Stimulation of sales for goods and services - Marketing: theory and practice

Stimulating sales for goods and services

Sales promotion began to develop as an independent part of the system of marketing communications technologies in the US since the early 1950s. Famous marketer F. Kotler formulates the concept of "sales promotion" as "short-term incentive measures to encourage the purchase or sale of goods or services."

There are the following impact objects (target audiences):

1) the consumer - is the most important, so the whole marketing policy is reduced to the impact on the consumer. A wide range of sales promotion techniques was created with the sole purpose of attracting the consumer in the most effective way and satisfying his requests. The consumer is given priority, since all other objects are only intermediaries and the impact on them is to enhance the impact on the consumer. The objectives of incentive, addressed to the consumer, are as follows:

o increase the number of consumers (customers);

o increase the amount of goods purchased by the same buyer.
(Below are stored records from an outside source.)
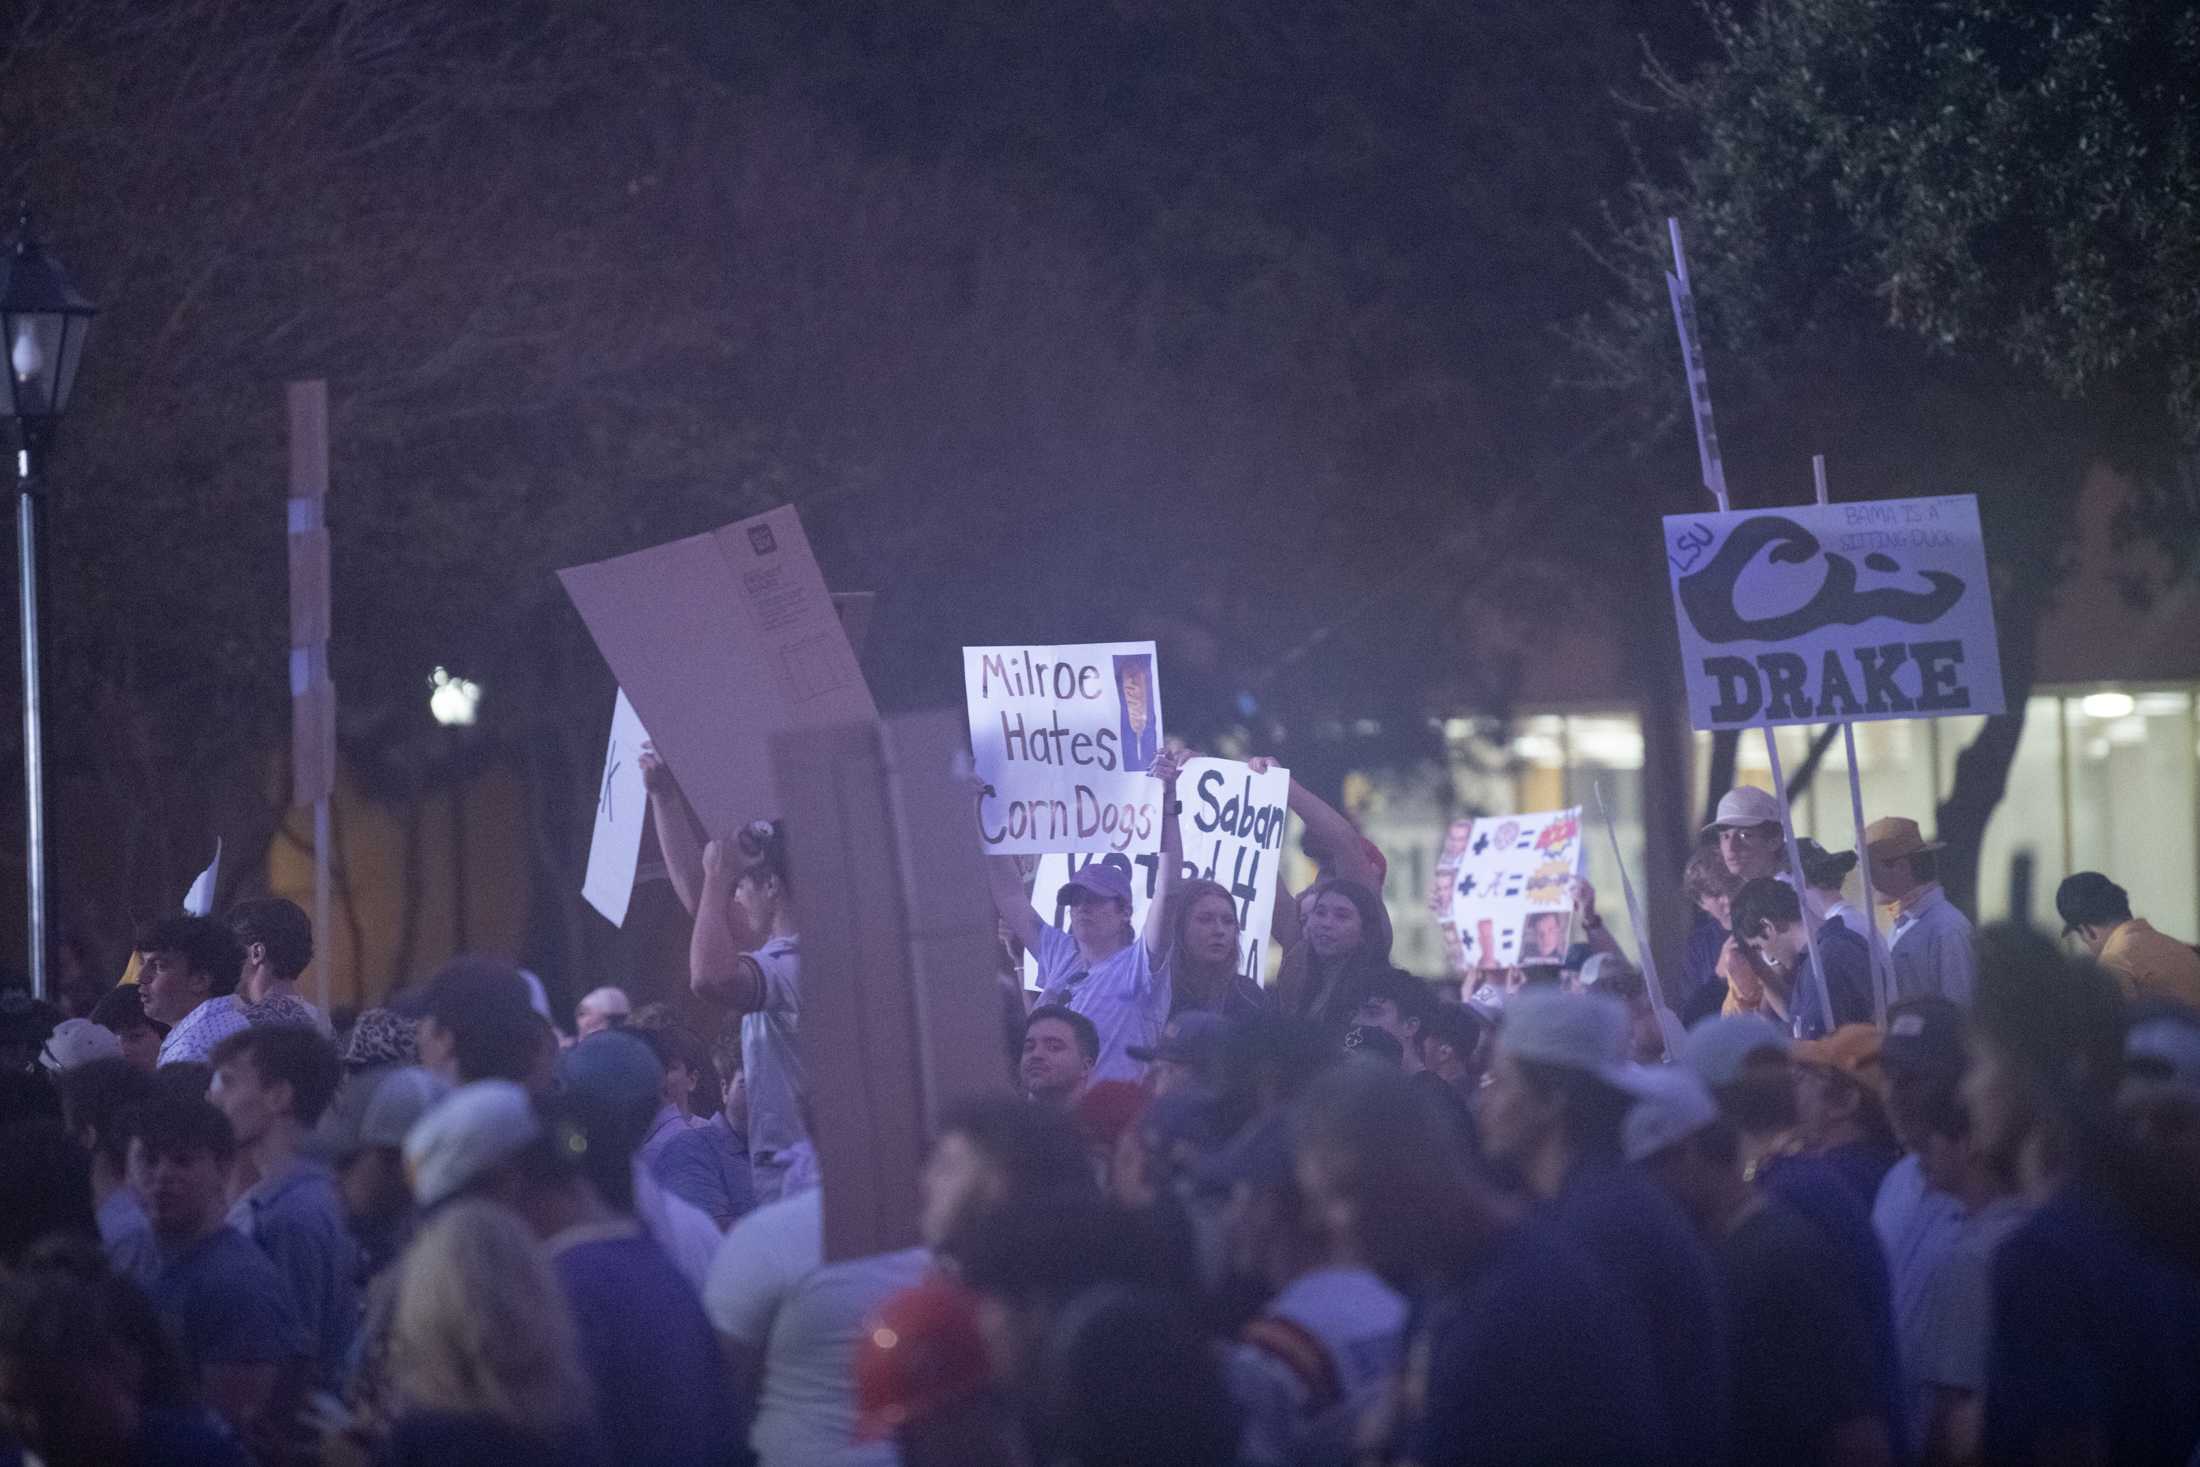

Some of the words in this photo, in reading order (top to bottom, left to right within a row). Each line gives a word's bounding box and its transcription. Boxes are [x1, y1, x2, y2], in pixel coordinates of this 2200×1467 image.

[1845, 504, 1896, 525] BAMA
[1902, 504, 1922, 523] IS
[1929, 504, 1940, 521] A
[1669, 522, 1714, 572] LSU
[980, 648, 1103, 701] Milroe
[1702, 640, 1970, 722] DRAKE
[1001, 709, 1118, 771] Hates
[976, 784, 1068, 844] Corn
[1074, 784, 1157, 851] Dogs
[1193, 769, 1285, 850] Saban
In quantitative terms, sales promotion is mainly aimed at the consumer. It is drawn to the broadest masses and has the goal of ensuring the sale of goods, creating a flow of consumers directly in the place where the sale of goods. This is the difference between incentives and direct marketing techniques, addressed directly to each potential buyer, in order to induce him to order goods outside the place of trade;

2) Seller. The seller's ability and willingness to sell the goods must not be ignored by the manufacturer. It is in the interest of the enterprise to stimulate, encourage and enhance these qualities. The goal of incentives in this case is to turn an indifferent seller to a highly motivated enthusiast;

3) Reseller, being a natural link between the manufacturer and the consumer, is a specific object of incentives, performing regulatory functions in this case. In this case, the incentive objectives can be as follows:

o give the product a certain image to make it easily recognizable;

o increase the number of products entering the sales network;

o increase the intermediary's interest in the active marketing of a particular brand.

Depending on the object of the forthcoming impact, the incentive objectives are chosen:

1) Strategic:

o increase the number of consumers;

o increase the amount of goods purchased by each of them;

o Bring interest to the product on the part of consumers;

o increase the turnover to the targets planned in the marketing plan;

o meet sales plan metrics;

2) specific:

o speed up the sale of the most profitable commodity;

o increase the turnover of an item;

o get rid of unnecessary stocks (overstocking);

o regularize the sale of seasonal goods;

o Provide resistance to the emerging competitors;

o revive the sale of goods, the sale of which is experiencing stagnation;

3) One-time:

o benefit from annual events;

o take advantage of any particular opportunity (the anniversary of the company, the creation of a new store, etc.);

o support the advertising campaign.

Product promotion programs are otherwise called loyalty programs, customer reward programs, giving him benefits in order to make him committed to (loyal) one or another product, enterprise, brand.

The choice of ways to stimulate sales depends on the goals. The methods (methods) of stimulation can be grouped into three large groups:

o price offer or chain incentive (sale at discount prices, discount coupons, discount coupons);

o Offer in-kind or incentive in kind (premiums, product samples);

o active offer (customer contests, games, lotteries).

In general, the majority of enterprises resort to means of sales promotion, including manufacturers, distributors, retailers, trade and industry associations and non-profit organizations. Stimulation of sales is most effective when used in conjunction with advertising. Having decided to resort to it, the enterprise must determine its tasks, select the necessary incentive means, develop an appropriate program, organize its preliminary testing and implementation, ensure control over its progress and evaluate the results achieved.